**Task**
Please repeat the records exactly. The pictures are to be left out.

**Supplied records**

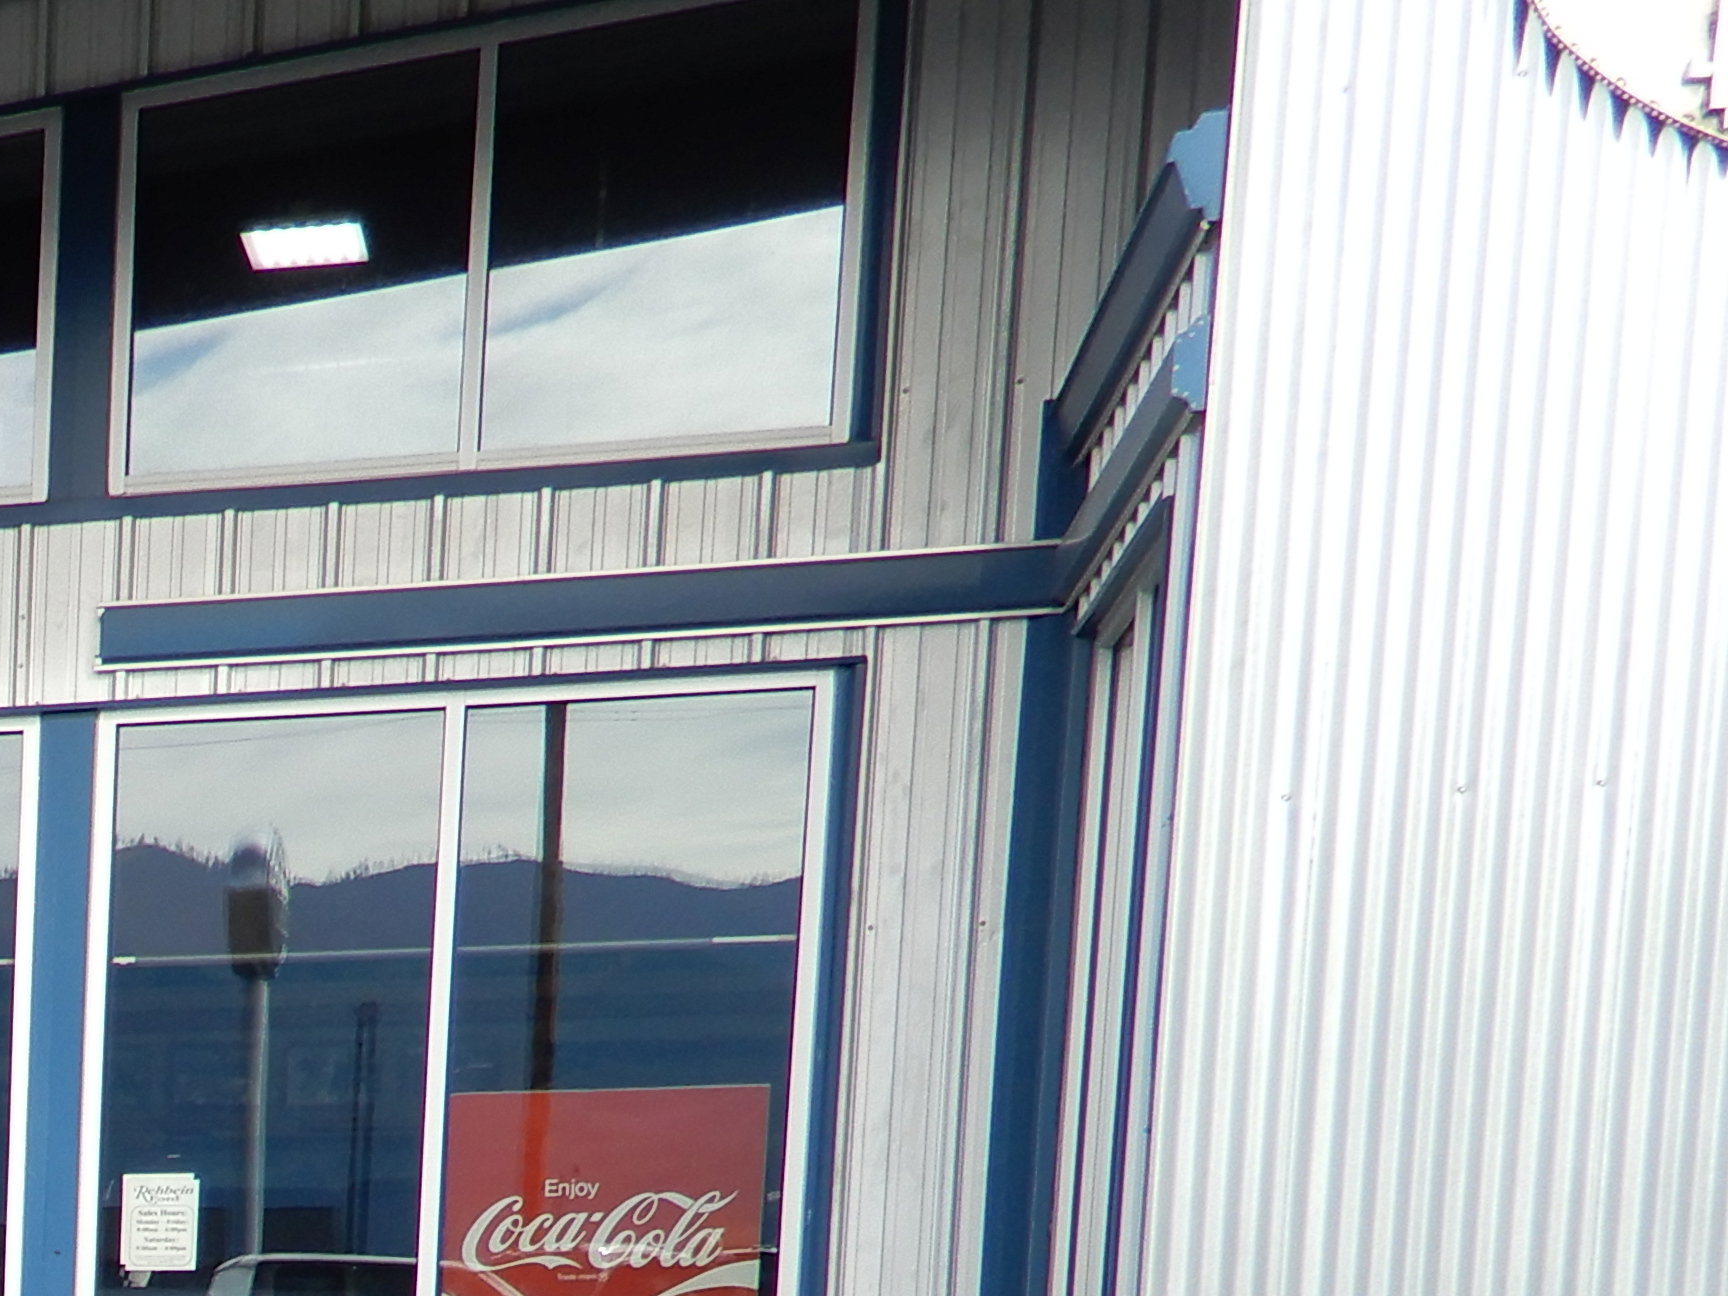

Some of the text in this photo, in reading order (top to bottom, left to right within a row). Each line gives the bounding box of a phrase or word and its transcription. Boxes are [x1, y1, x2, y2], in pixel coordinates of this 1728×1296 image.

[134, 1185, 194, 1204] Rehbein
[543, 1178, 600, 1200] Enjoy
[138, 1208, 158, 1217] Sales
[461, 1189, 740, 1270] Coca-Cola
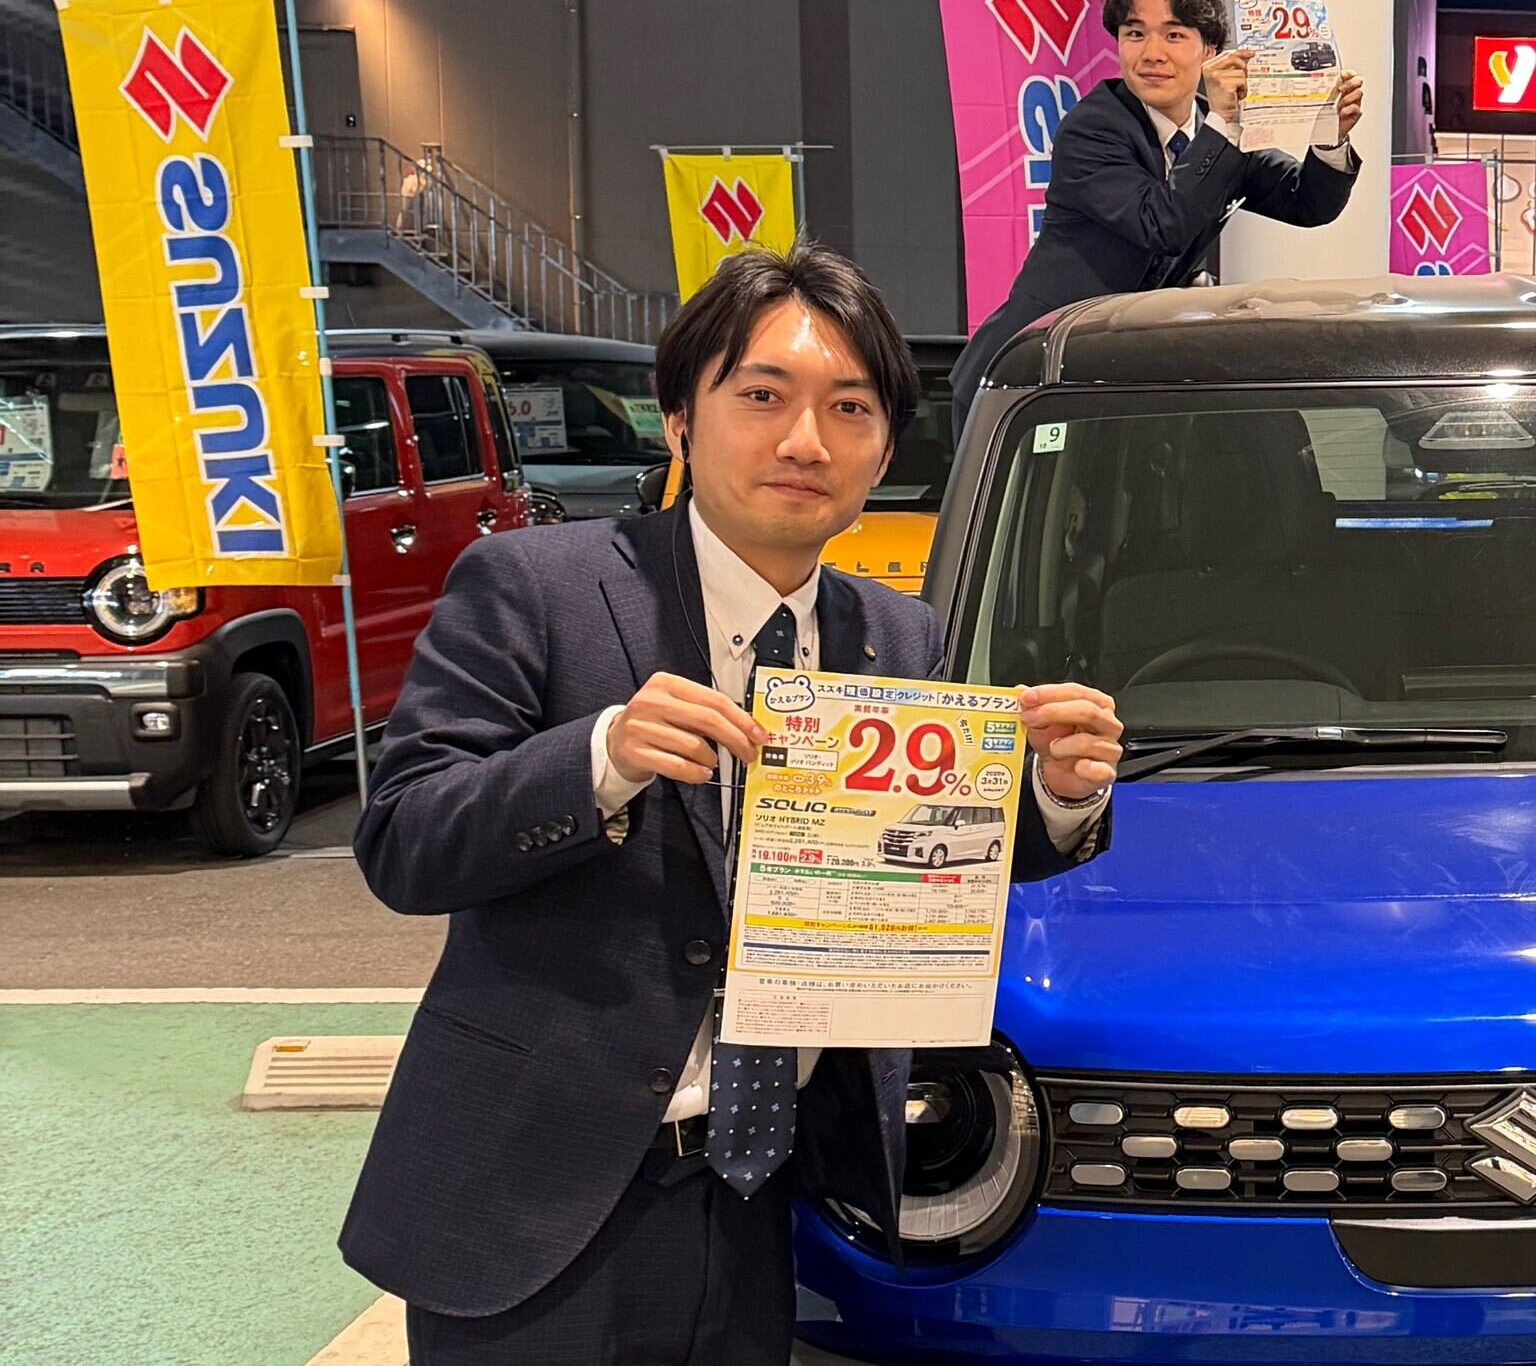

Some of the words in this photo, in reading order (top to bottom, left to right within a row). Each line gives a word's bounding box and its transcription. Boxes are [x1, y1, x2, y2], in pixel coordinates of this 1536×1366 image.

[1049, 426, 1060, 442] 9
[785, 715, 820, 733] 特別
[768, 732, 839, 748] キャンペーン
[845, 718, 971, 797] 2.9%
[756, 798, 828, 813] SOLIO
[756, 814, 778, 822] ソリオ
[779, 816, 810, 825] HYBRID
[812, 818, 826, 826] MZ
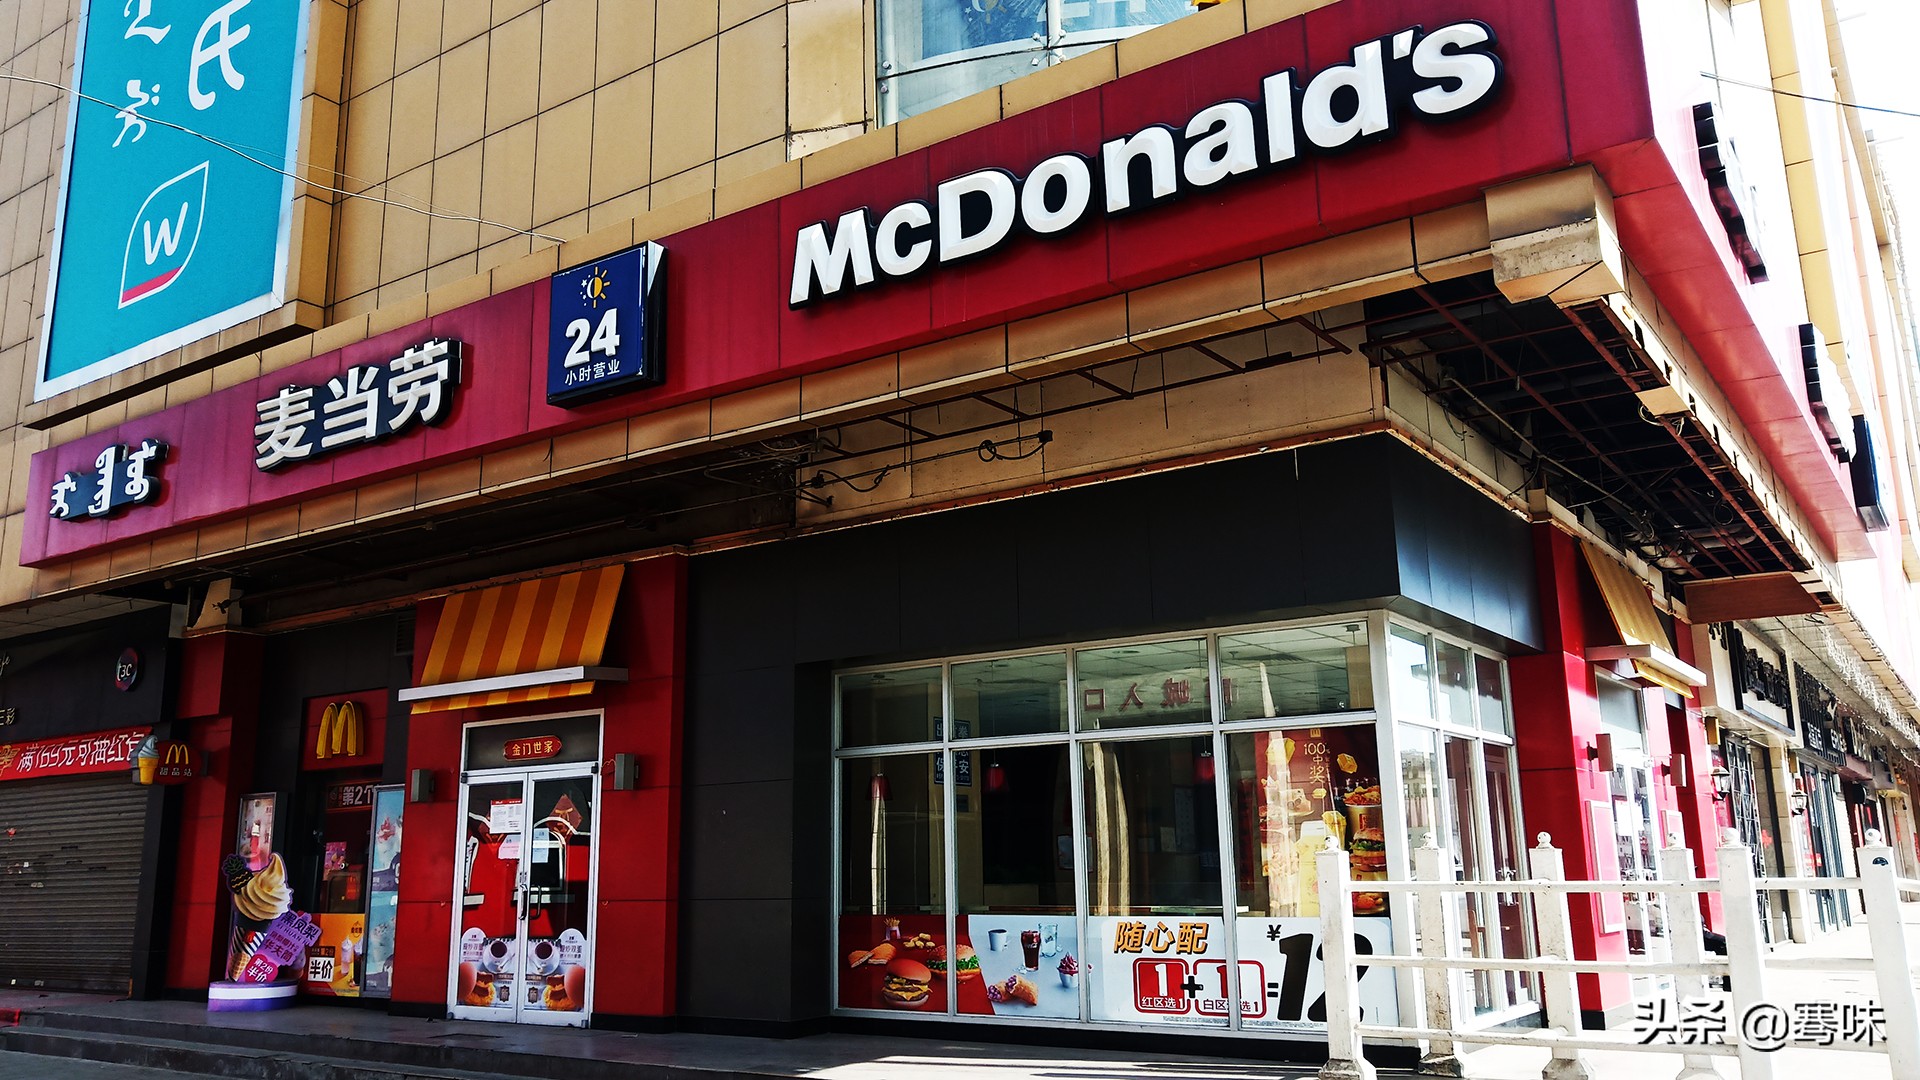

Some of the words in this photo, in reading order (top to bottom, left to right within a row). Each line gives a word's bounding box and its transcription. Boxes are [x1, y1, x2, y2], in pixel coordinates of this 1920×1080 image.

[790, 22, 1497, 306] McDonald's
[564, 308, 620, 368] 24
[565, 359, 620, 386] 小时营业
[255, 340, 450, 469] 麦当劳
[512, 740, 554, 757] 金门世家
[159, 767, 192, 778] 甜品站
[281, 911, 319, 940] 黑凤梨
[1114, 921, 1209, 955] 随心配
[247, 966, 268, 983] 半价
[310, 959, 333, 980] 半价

**Response area**
Some of the text in this photo, in reading order (top to bottom, left to right within a row). Each line gives the bounding box of a phrase or word and its transcription. Boxes are [x1, y1, x2, y2], in pixel coordinates of this 1728×1296 image.

[134, 1185, 194, 1204] Rehbein
[543, 1178, 600, 1200] Enjoy
[138, 1208, 158, 1217] Sales
[461, 1189, 740, 1270] Coca-Cola

Some of the words in this photo, in reading order (top to bottom, left to right within a row). Each line gives a word's bounding box and its transcription. Boxes are [x1, y1, x2, y2], in pixel coordinates of this 1536×1366 image.

[1049, 426, 1060, 442] 9
[785, 715, 820, 733] 特別
[768, 732, 839, 748] キャンペーン
[845, 718, 971, 797] 2.9%
[756, 798, 828, 813] SOLIO
[756, 814, 778, 822] ソリオ
[779, 816, 810, 825] HYBRID
[812, 818, 826, 826] MZ

Some of the words in this photo, in reading order (top to bottom, left to right within a row). Each line gives a word's bounding box and its transcription. Boxes are [x1, y1, x2, y2], in pixel coordinates of this 1920×1080 image.

[790, 22, 1497, 306] McDonald's
[564, 308, 620, 368] 24
[565, 359, 620, 386] 小时营业
[255, 340, 450, 469] 麦当劳
[512, 740, 554, 757] 金门世家
[159, 767, 192, 778] 甜品站
[281, 911, 319, 940] 黑凤梨
[1114, 921, 1209, 955] 随心配
[247, 966, 268, 983] 半价
[310, 959, 333, 980] 半价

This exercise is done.